The paper, "The Limits of Phenomenology: From Behaviorism to Drug Testing and Engineering Design" by Yaneer Bar-Yam, president of the New England Complex Systems Institute, spells out why the only answer is a turn toward complex systems to work out the world's most critical challenges—managing social and political conflicts, testing drugs, and achieving better designed infrastructure included.
"Data by itself is not enough," said Bar-Yam, in discussing conventional systems of collecting information. "There are so many factors that play a role that no empirical observation is ever useful to tell us what will happen in the future. The same conditions never happen twice."
Bar-Yam's examples of where conventional scientific methods go astray include drug approvals, where safety data from trials appears to offer adequate support for positive conclusions and yet the drugs carry severe, even lethal, side effects. Drug testing even in using the accepted gold standard of double blind randomized control tests cannot determine negative interactions and side effects. No number of trials can determine them. In engineering, large projects such as US air traffic control modernization and British medical records systems, costing up to $6 billion and $10 billion, respectively, were held up because they could not pass tests.
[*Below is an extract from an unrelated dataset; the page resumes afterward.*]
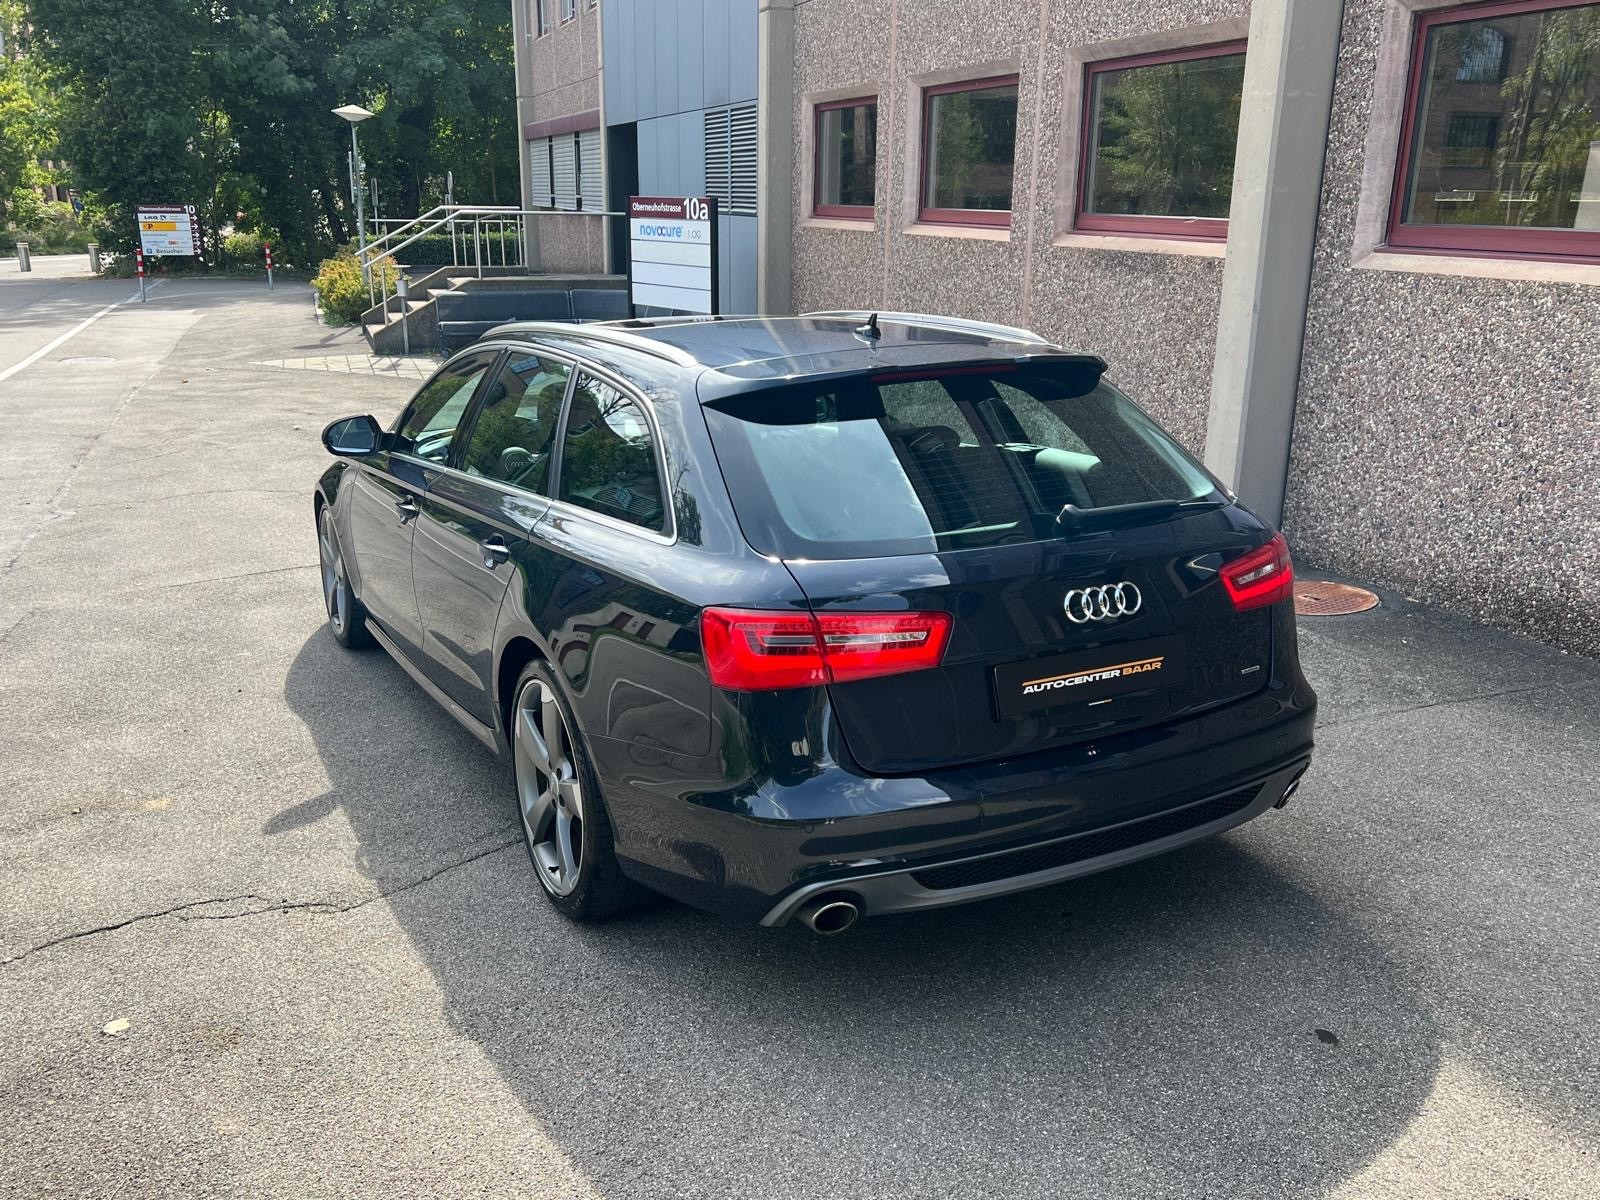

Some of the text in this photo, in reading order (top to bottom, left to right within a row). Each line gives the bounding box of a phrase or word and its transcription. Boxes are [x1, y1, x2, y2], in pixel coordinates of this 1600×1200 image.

[183, 204, 196, 214] 10
[632, 198, 709, 220] Oberneuhofstrasse 10a
[1023, 661, 1162, 695] AUTOCENTER BAAR
Bar-Yam makes a case for complex models that can deliver greater understanding because complex models take into account more factors than meet the eye.
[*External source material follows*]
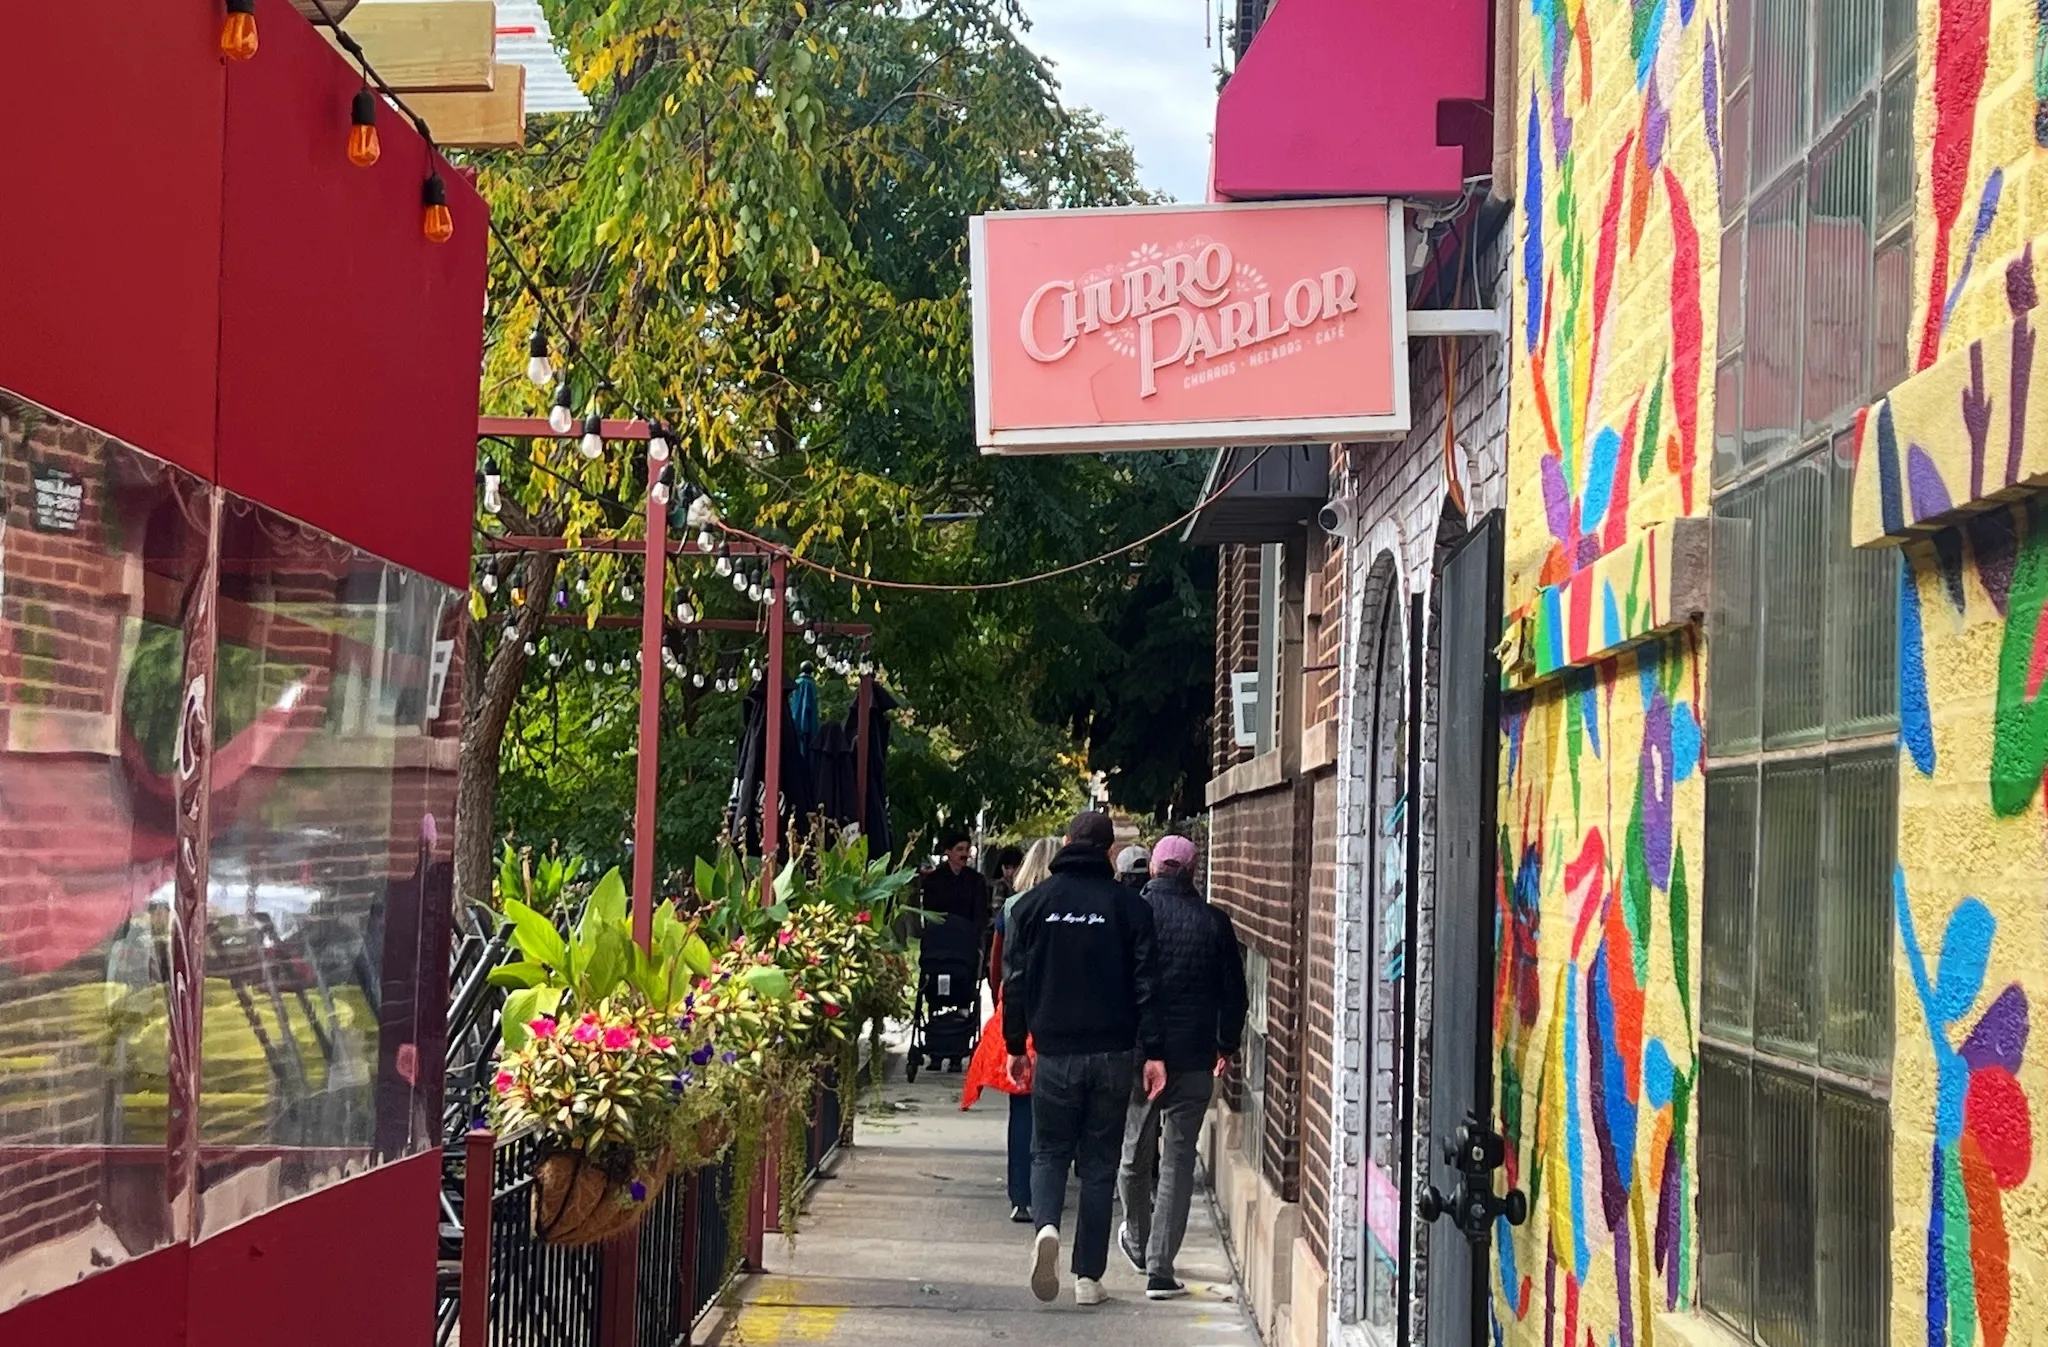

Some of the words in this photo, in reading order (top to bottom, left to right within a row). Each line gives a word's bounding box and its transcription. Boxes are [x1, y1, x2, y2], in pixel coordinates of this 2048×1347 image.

[1020, 243, 1232, 362] CHURRO
[1138, 266, 1358, 398] PARLOR
[1184, 362, 1236, 388] CHURROS
"Our results imply that we need to improve our ability to model complex interacting systems," he said. Big data—with all its power to amass information about everything and anything captured by the second, does not provide answers that are useful. In recent years, he noted, complexity scientists have unraveled the financial crisis, determined the causes of riots and revolutions and mapped the social networks we are part of. They managed to do this because complex systems science involves validated modeling.
Said Bar-Yam: "In order to represent the behavior of a system in response to a large set of possible conditions, it is necessary to have a representation of the system that identi?es the response to cases that have not been observed. A model enables inference to determine the behavior of a system across a range of conditions."
No empirical observation, he added, is ever useful as a direct measure of a future observation. "It is only through generalization motivated by some form of model/theory that we can use past information to address future circumstances."